Top of Records to process
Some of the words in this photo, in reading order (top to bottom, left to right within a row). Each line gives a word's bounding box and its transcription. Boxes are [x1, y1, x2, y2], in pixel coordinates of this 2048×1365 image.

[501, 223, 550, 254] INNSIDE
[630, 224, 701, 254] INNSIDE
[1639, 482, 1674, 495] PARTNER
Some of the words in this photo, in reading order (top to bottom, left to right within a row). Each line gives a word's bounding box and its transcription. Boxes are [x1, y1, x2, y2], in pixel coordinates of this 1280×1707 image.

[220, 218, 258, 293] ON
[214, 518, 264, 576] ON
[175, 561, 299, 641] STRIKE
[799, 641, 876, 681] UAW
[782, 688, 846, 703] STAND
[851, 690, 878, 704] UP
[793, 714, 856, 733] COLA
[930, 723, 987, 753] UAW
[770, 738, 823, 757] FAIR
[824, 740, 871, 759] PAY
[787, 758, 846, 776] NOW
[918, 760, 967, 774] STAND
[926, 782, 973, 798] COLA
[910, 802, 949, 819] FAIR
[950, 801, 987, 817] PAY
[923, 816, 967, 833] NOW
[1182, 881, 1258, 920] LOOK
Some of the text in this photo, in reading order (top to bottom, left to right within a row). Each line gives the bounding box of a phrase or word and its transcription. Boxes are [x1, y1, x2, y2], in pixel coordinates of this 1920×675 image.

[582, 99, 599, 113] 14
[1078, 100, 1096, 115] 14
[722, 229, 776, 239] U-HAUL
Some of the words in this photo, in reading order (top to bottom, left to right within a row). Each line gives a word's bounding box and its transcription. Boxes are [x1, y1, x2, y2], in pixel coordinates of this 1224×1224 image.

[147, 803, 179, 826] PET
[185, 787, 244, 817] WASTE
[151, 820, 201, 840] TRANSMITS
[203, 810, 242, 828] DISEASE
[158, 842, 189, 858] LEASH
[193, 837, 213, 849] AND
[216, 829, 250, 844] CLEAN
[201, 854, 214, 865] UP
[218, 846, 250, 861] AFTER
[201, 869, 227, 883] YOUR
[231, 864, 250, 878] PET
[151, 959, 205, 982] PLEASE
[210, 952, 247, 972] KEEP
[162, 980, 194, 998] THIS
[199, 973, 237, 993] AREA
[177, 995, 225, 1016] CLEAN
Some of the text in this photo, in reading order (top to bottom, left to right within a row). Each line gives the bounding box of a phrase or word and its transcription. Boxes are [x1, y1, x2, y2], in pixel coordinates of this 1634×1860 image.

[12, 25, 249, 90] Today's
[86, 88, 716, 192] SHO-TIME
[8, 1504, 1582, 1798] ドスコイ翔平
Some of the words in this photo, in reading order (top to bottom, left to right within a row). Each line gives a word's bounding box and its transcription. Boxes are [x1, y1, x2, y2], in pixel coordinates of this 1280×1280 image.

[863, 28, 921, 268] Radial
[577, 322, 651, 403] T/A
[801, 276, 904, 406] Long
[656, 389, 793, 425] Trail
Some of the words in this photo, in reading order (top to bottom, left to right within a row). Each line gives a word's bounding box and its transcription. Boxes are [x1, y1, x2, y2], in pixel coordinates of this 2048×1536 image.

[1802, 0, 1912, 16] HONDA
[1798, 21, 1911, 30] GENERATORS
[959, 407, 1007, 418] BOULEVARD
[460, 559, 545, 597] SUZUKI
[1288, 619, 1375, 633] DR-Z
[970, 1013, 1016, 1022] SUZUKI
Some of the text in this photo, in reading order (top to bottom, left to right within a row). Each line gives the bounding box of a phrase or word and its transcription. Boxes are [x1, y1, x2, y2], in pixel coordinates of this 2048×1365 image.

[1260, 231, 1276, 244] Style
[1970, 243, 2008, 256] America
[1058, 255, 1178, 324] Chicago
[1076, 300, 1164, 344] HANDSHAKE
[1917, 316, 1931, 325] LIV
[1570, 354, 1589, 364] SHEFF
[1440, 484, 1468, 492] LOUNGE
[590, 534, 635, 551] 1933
Bottom of Records to process
### Exercise aim
In the listing above, find the line containing "this 2048×1536 image." and please quote exactly that line through the last one, and no other lines.

### The answer
Some of the words in this photo, in reading order (top to bottom, left to right within a row). Each line gives a word's bounding box and its transcription. Boxes are [x1, y1, x2, y2], in pixel coordinates of this 2048×1536 image.

[1802, 0, 1912, 16] HONDA
[1798, 21, 1911, 30] GENERATORS
[959, 407, 1007, 418] BOULEVARD
[460, 559, 545, 597] SUZUKI
[1288, 619, 1375, 633] DR-Z
[970, 1013, 1016, 1022] SUZUKI
Some of the text in this photo, in reading order (top to bottom, left to right within a row). Each line gives the bounding box of a phrase or word and its transcription. Boxes are [x1, y1, x2, y2], in pixel coordinates of this 2048×1365 image.

[1260, 231, 1276, 244] Style
[1970, 243, 2008, 256] America
[1058, 255, 1178, 324] Chicago
[1076, 300, 1164, 344] HANDSHAKE
[1917, 316, 1931, 325] LIV
[1570, 354, 1589, 364] SHEFF
[1440, 484, 1468, 492] LOUNGE
[590, 534, 635, 551] 1933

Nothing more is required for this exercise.